Сколько мне было? – Лет девять-десять? Уже шевельнулась потребность задуматься о предстоящей судьбе, и еще не было опаски оказаться не понятым, высмеянным.

И я спросил отца: «А в чем смысл жизни?»

Разговор происходил дома, в какую-то редкую неторопливую минуту. Наверное, я ожидал услышать нечто ведомое только старшим, таящее высшую мудрость и от этого почти запретное, – потому как четко помню: ответ «в том, чтобы хорошо жить» прозвучал для меня как оскорбление.

Жили мы – весьма небогато, (обстановка – самое необходимое, – притом, очень разношерстная; одежда – ни мама не модница, ни отец не пижон, а мне – всё перешивалось из старья; еда – «щи, да каша»), но к богатству, вроде бы, и не стремились. Постоянно испытываемая нужда не выливалась в чисто материальные вожделения. Поэтому слова отца болезненно резанули меня. Я имею в виду их прямой смысл. Но, отвечая, он как-то странно помедлил и хмыкнул. Усмешка-то и показалась мне подозрительной. Ответив на вопрос, отец как бы оставлял его открытым. Ну, ладно: «Хорошо жить». А дальше что?

Пожалуй, только теперь я догадываюсь, что в усмешке (или в смешке?) отца таился и оттенок горечи, а может быть, вины (не сумел устроить личную жизнь, жизнь семьи, как подобает, – денег всегда не хватало), и забота о моем благополучии. Нежелание обольщать меня воздушными замками, маячившими за сверхзадачами. (А ведь, случалось, он подхлестывал мое честолюбие!). Мол, живи нормально, хорошо. А дальше – соображай сам…

* * *

Да, конечно, жизнь есть жизнь. И – надо жить дальше. Но почему я должен забыть о том, что выпало на мою долю, уйти от него? Ведь оно – мое. И только мое. Так сказать, неотъемлемая частная собственность. И потому моя – достовернейшая! – духовная реальность. Отказаться от нее – не значит ли отречься от себя?

* * *

Писать о том, что лучше всего знаешь. А это – прежде всего – твои беды и обиды. Стоит ли стыдиться их? Лишь бы успеть понять, что же произошло с тобой? И почему всё так?.. Раз возникает вопрос, он требует ответа. Вот только додумать этот ответ не хватает времени. День сегодняшний наступает, размывая и заслоняя вчерашний день. По сути, мы в полной мере не осознаем жизни, не успеваем. Как не осознаем сна. Только лишь постепенно и трудно что-то узнавая о себе, как бы переходим из одного сна – в другой. Пробуждаемся – в новом сне. И наше прозрение – всегда запоздалое.

* * *

Может быть, и нужно писать о том, что никому не интересно выслушивать.
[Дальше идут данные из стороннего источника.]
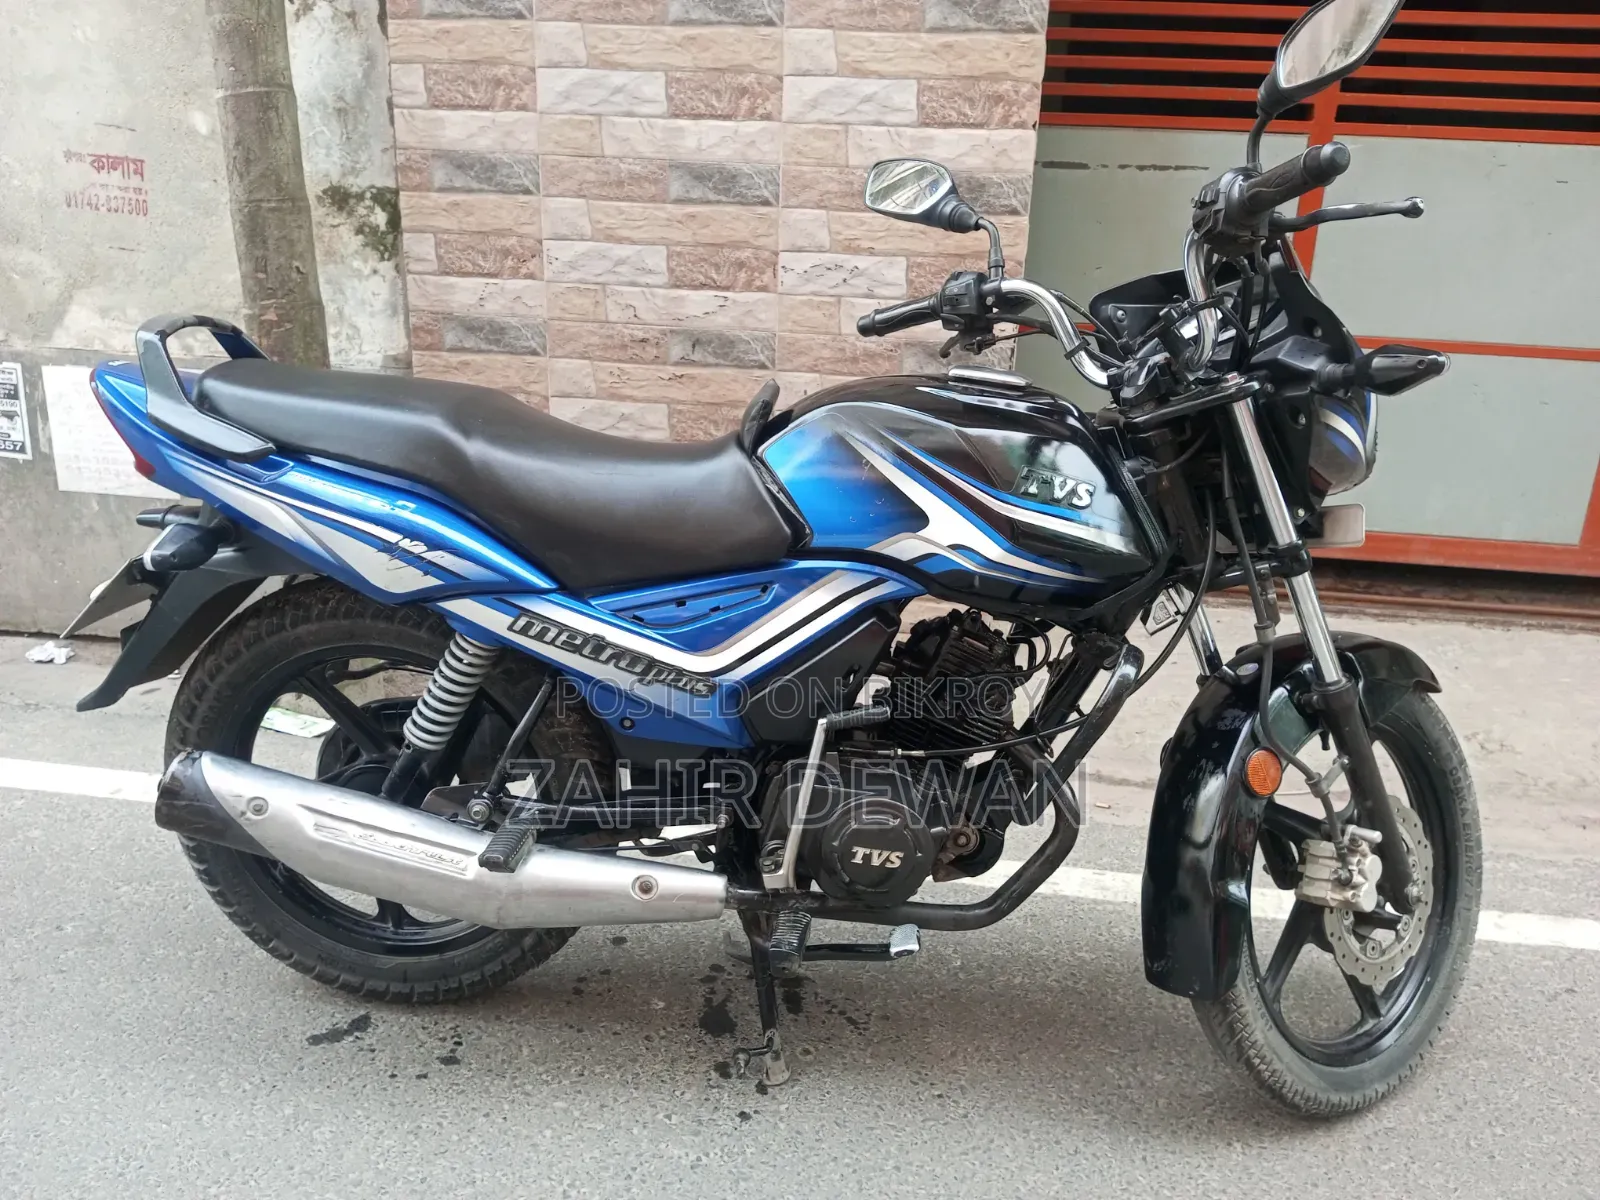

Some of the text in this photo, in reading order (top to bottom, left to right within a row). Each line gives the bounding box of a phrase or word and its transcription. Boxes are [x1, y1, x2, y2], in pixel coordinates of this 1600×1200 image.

[87, 153, 145, 181] কালাম
[1020, 466, 1095, 509] TVS
[509, 611, 653, 674] metro
[851, 846, 904, 868] TVS
Выслушивать – как твое, и со стороны, извне. Прочесть же это можно – как свое, изнутри. Как досказанное кем-то за тебя. Как свое сокровенное признание самому себе.
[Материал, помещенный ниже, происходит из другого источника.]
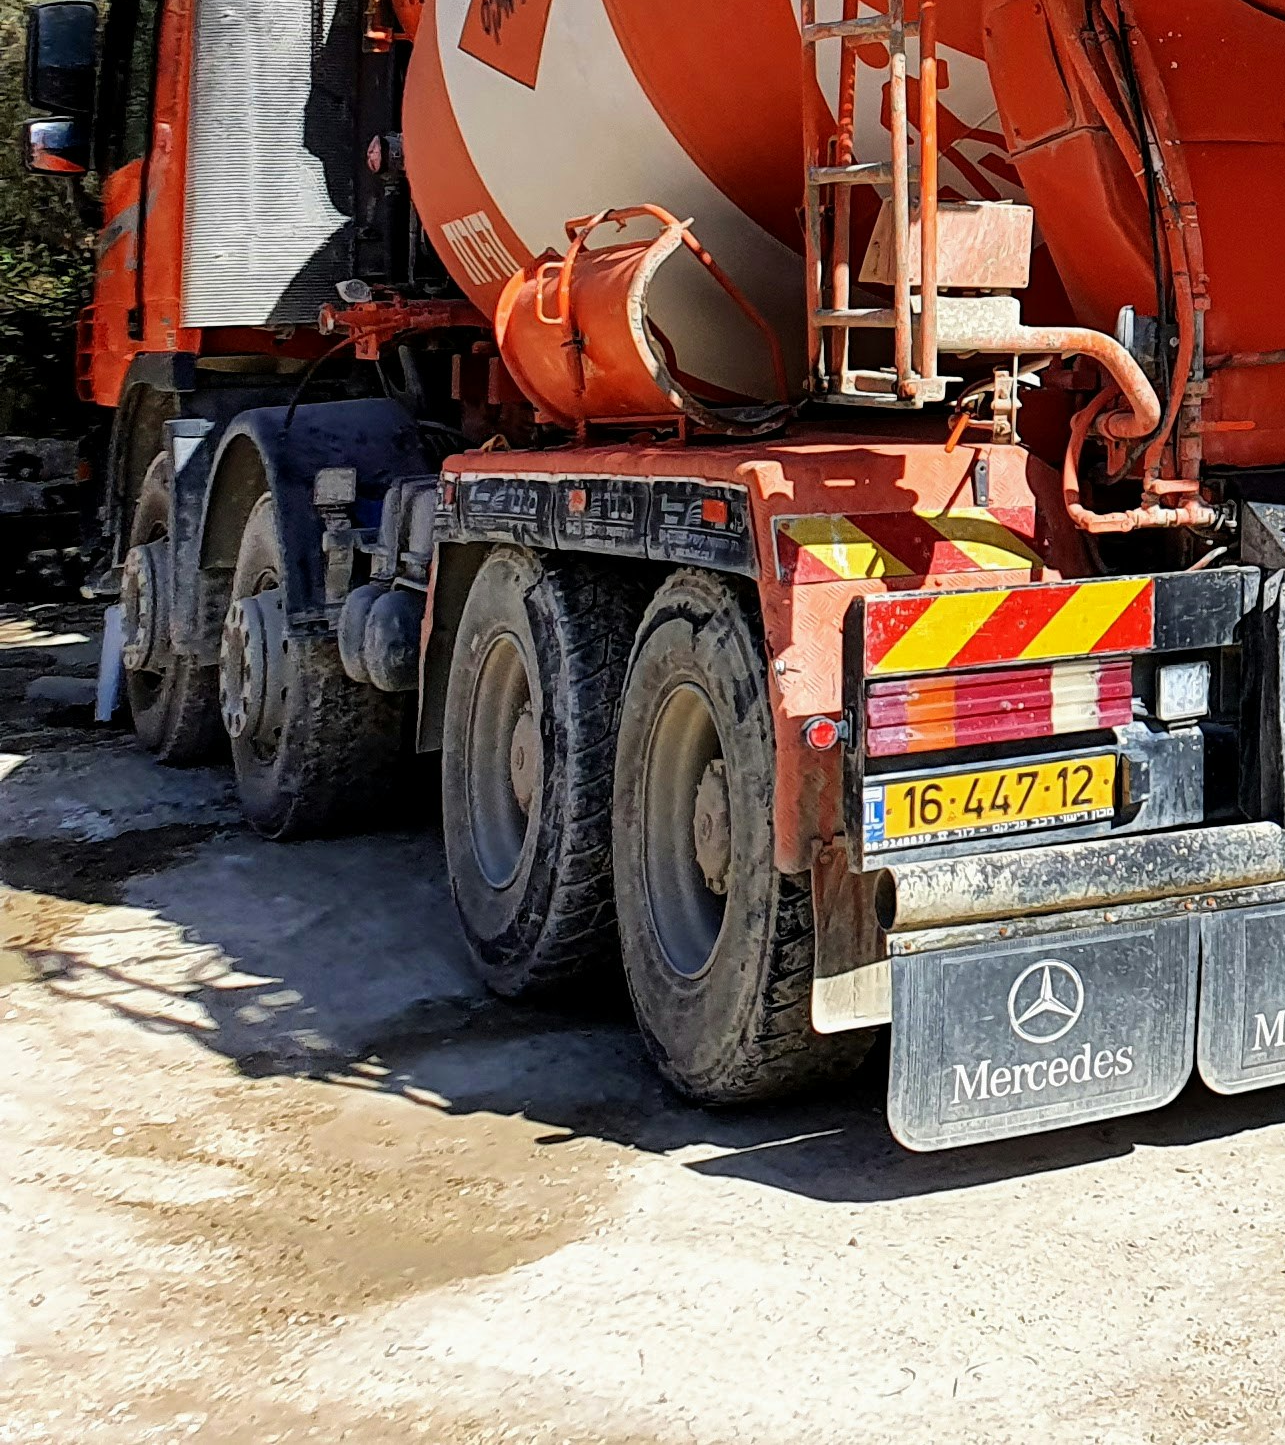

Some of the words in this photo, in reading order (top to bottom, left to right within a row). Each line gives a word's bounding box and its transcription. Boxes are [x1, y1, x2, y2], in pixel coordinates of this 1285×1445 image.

[866, 802, 879, 824] IL
[1060, 811, 1088, 823] רישוי
[1092, 807, 1115, 821] מכון
[1031, 816, 1056, 827] רכב
[950, 1043, 1135, 1105] Mercedes
Пусть будет литература – не более, чем письмо. Письмо – самому себе. Зачем-то оно нужно, – письмо самому себе.

* * *

Странное дело: каяться перед кем-то, – хотя такая потребность и возникает, – было бы, все же, кокетством, домашним стриптизом, театром. Казнить самого себя, грызть, занимаясь самоедством, – уже ничего не изменишь. Не вернешь. Почему же, несмотря на это, всё время происходит разговор с самим собой? Или с тем, что именуется совестью? Бессмысленный (прагматически) для тебя лично, для твоего «я», – он, видимо, не бессмыслен для «я общечеловеческого». Для Бога (человечества?) в тебе.

* * *

Письма не сочиняются. Они пишутся самой жизнью. И в них всё, что надо, окажется сказанным. Сам собой прорежется сюжет. Еще бы! Он уже есть. Жизнь думала раньше тебя.

* * *

Если ты берешься за перо, то обмениваешь свой срок на бессрочность. Твое письмо адресовано во «всегда». А ты живешь только «сейчас». Значит, уже, когда ты пишешь, твое письмо «есть», а тебя – «нет». Ты умер, коль скоро взялся за перо. Это подразумевается. Ты – умерший – разговариваешь с живыми. И тебе ничто не страшно.

* * *

Судьба ставит эксперимент над тобой, испытывает тебя на прочность. А ты – не только наблюдатель эксперимента, но и его участник. Подопытный кролик. Однако – наделенный даром сознания и речи, пытающийся передать свою боль. Передал – значит, эксперимент состоялся.

* * *

Можно на двух страницах описать, как затачиваешь карандаш. И словишь при этом кайф, удовольствие от совпадения, попадания, точности. Ну, что ж, будем переживать заточку карандаша, если у нас нехватка иных переживаний. К тому же вкусное описание – как тонизирующий напиток. О, создатели тоников! О, кайфовики! – Развлекайте, увеселяйте, затейничайте! Ваше право, ваш хлеб.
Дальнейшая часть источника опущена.